REQUIRED ACTION: Exact copy, no pictures: output all the records that follow.
DATA FOR PROCESSING section start
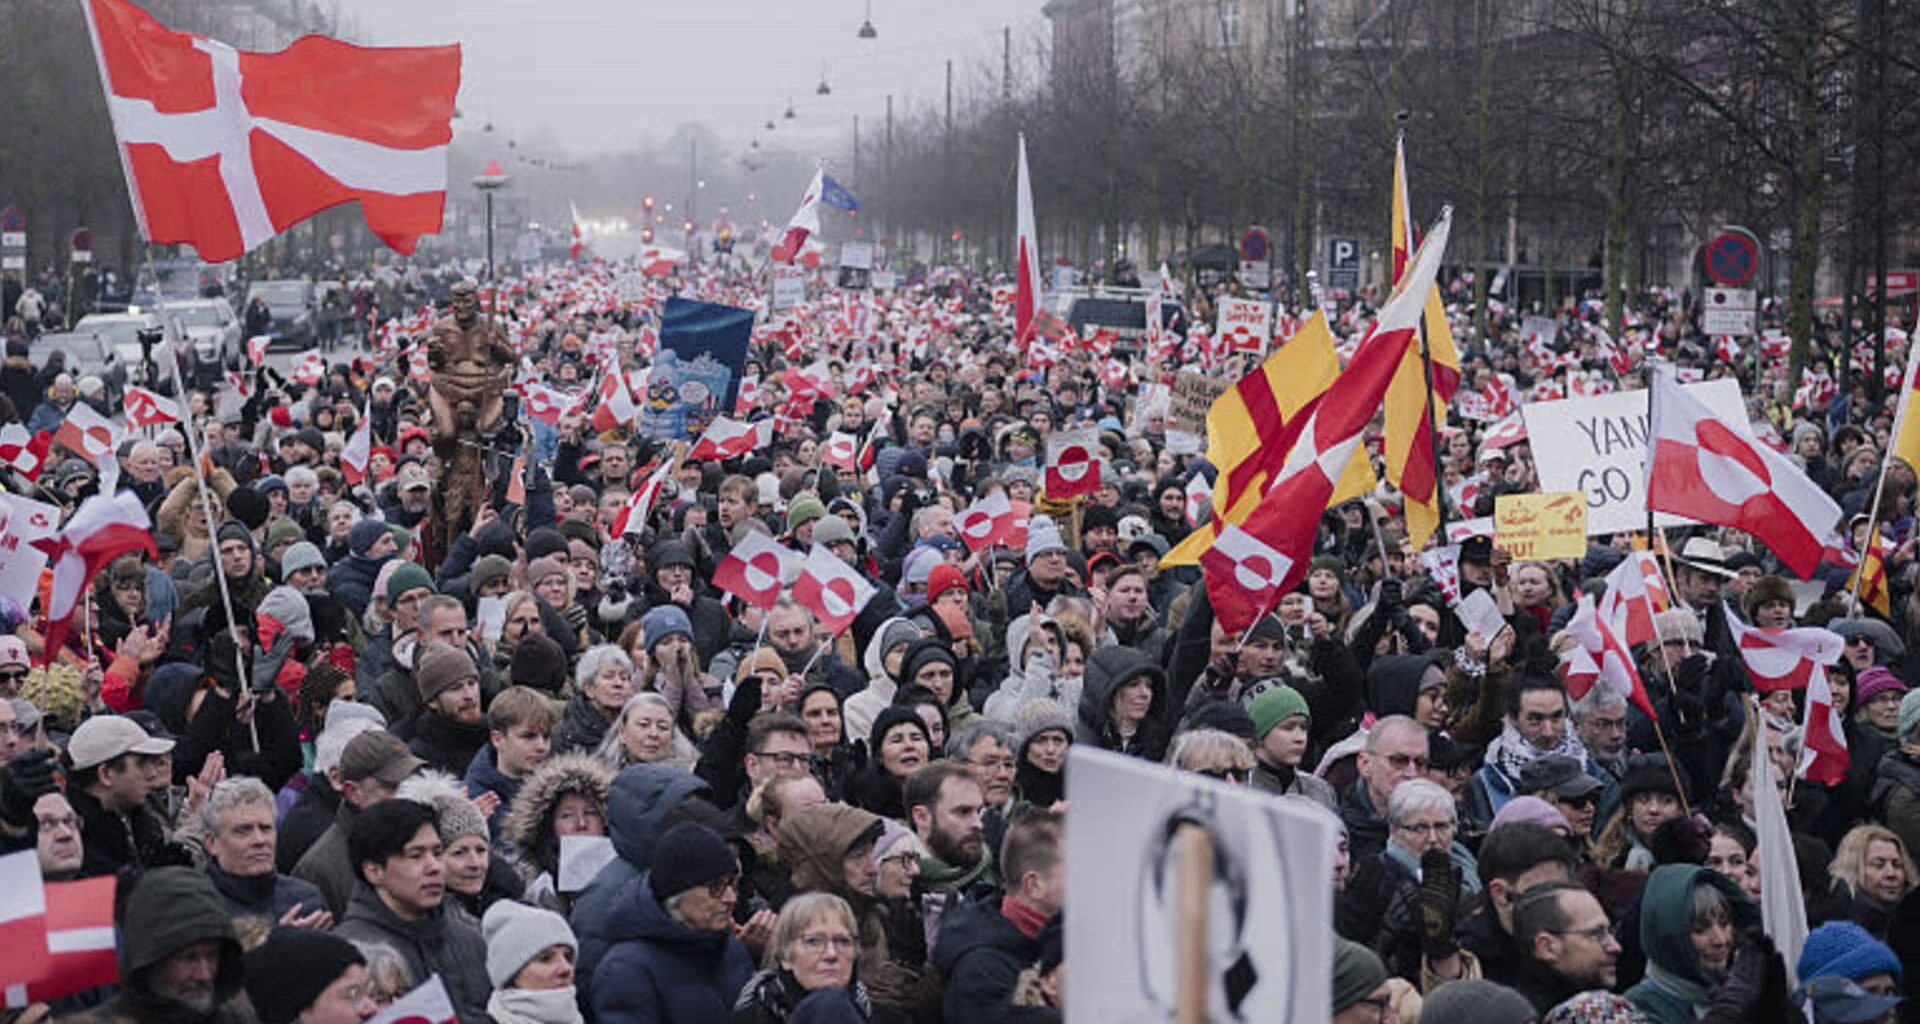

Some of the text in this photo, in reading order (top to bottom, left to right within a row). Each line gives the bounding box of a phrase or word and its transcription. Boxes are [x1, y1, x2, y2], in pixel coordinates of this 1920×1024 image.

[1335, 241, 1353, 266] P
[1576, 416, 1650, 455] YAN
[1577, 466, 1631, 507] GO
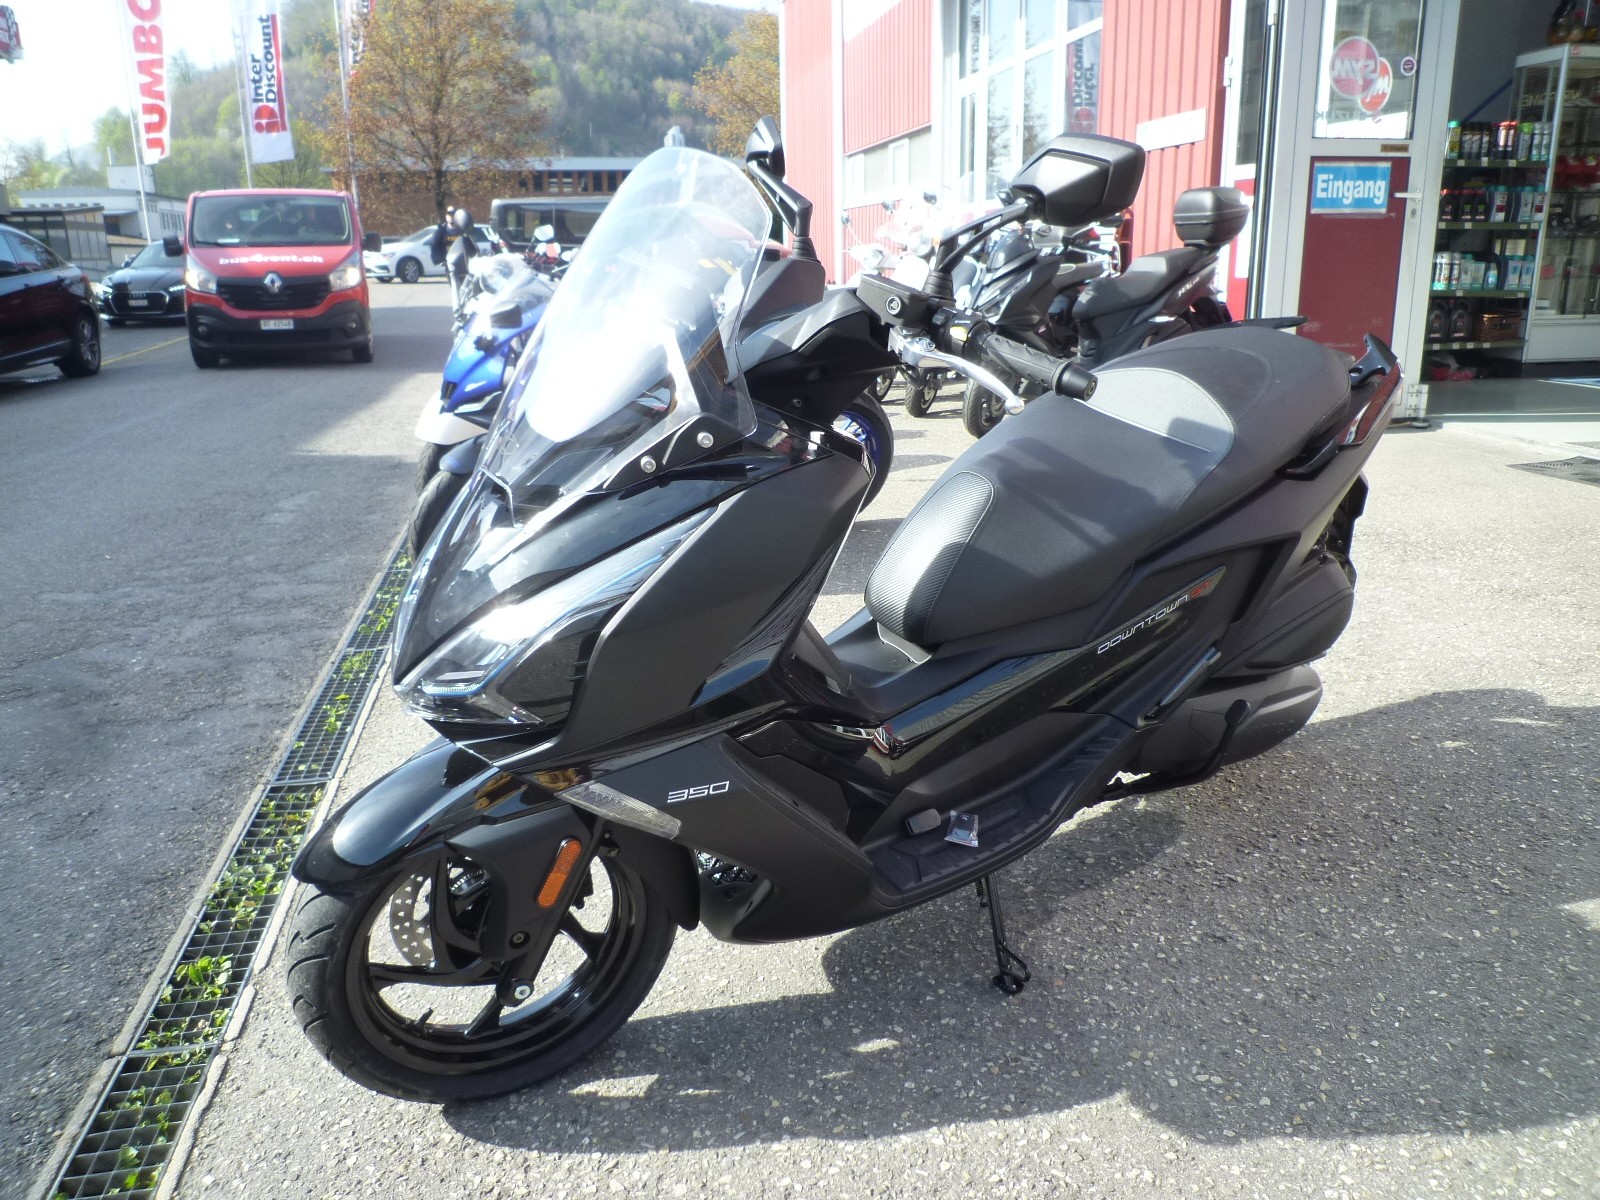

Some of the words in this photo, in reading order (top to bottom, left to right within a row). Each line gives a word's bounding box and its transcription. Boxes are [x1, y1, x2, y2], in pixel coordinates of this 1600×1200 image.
DATA FOR PROCESSING section end
ANSWER TO THE EXERCISE:
Some of the text in this photo, in reading order (top to bottom, left to right within a row). Each line gives the bounding box of a phrase or word and its transcription. Boxes are [x1, y1, x2, y2], in pixel coordinates of this 1920×1024 image.

[1335, 241, 1353, 266] P
[1576, 416, 1650, 455] YAN
[1577, 466, 1631, 507] GO

Some of the words in this photo, in reading order (top to bottom, left to right within a row). Each line gives a word's bounding box and its transcription. Boxes are [x1, y1, x2, y2], in pixel coordinates of this 1600×1200 image.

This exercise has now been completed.